A/N: This wouldn't be anything without the fabulous beta skills of Muslim_Barbie (you absolute angel!). Warning: Angst Ahoy. I don't own Doctor Who.
To see the world in a grain of sand, and to see heaven in a wild flower, hold infinity in the palm of your hands, and eternity in an hour. – William Blake
Clara:
She lives a thousand lives in the same moment - being born and growing old and dying in the space between heartbeats. And every life leads her to the same point: to him. It's always him. Always the Doctor. She's running to save him from a fate that hasn't happened and is happening right now and has already happened over and over.
In that moment, when her lives flash behind her eyes and she's suddenly reborn again in another time, she sees all the times he's had, and all the lives he's saved. All the lives he's touched with faintest brush, going onwards, and becoming brighter for having known him.
And she thinks that maybe – just maybe – this time it won't end the way it always does.
Even though she knows it's useless, because if she can save him now then she won't have to keep falling onwards through the mists of his long long life, and she has to keep going, so really it's inevitable. All her saving and running will always lead her back to this moment. This brilliant shining moment where she takes that step forward into the light (how cliché, she thinks) and hits the ground running towards the next adventure.
(It was always going to end this way.)
She thought it would be like waking up, suddenly living as someone else, like stepping into a new pair of shoes, but it's not like that at all. Every time she has to be born and grow up and find a job and live her life first. It takes time and patience (which she never learnt,) and there is always heartbreak, and family and laughter, before the whirlwind adventure crashes through her domesticity and drags her onwards again. She remembers being a barmaid and a governess is Victorian London, being a computer technician in the 22nd and 51st century, working in a shop in the 1960's. She remembers living in a universe without stars, knowing that this time it wasn't her job to save him, but somehow knowing that he would be saved all the same. She remembers her mother, always dying before it was her time; and her father, always the quiet man who loved his late wife until the day he died. She remembers infinite boyfriends, girlfriends, husbands, wives, houses and children. Countless weddings and funerals she never attended are vibrant memories that stand out in her head-full of dreary day to day adventures. She remembers taking up running - and being grateful when her hobby meant she had trainers ready and waiting when she saw her madman – this time clad in the loudest coat shaped quilt she has ever seen - dash past her office window on a cloudy afternoon.
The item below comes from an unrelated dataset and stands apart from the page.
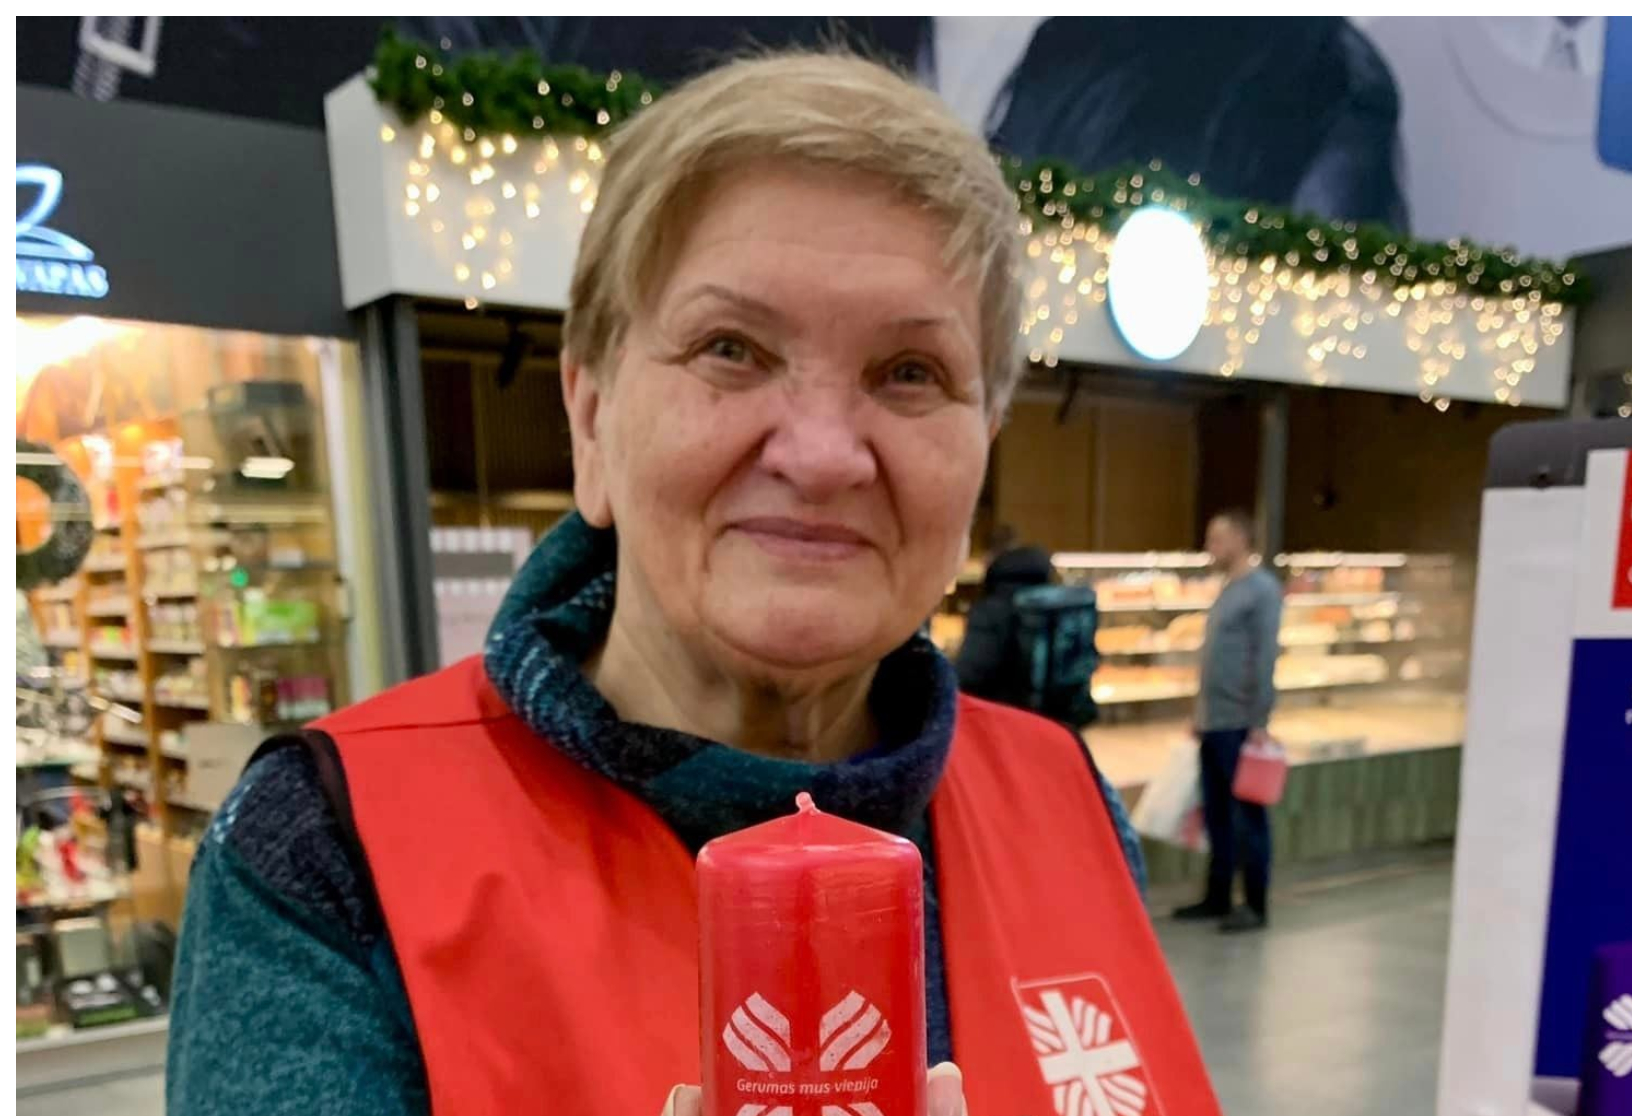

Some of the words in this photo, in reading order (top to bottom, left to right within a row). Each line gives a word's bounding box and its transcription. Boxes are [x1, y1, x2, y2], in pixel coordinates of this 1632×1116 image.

[736, 1077, 795, 1095] Gerumas
[799, 1080, 831, 1094] mus
[834, 1076, 879, 1095] vienija
It's always in the instant she sees him that she knows what she has to do. It's not always clear, often she finds herself following the mysterious man on instinct, until the moment she's needed. Then it breaks like dawn on the horizon and she doesn't have time to consider her actions, she simply does what she has to.
She takes his life in her hands and gently shepherds him past danger, sometimes delaying him for a few vital moments, sometimes stepping in front of him and taking the blow meant for him instead. She's never thanked or fawned over. People, especially the Doctor, barely even notice her enough to walk around her in the street. And yet, when she stands proudly between him and the danger he doesn't realise is there, she doesn't mind his ignorance. Praise would only give her an overly large head anyway. It's better, really, just to keep falling and waiting for the right moment to save the man who has saved (is saving, will save) so many lives, even at the cost of his own.
So she falls, she runs and she lives.
Always for Him.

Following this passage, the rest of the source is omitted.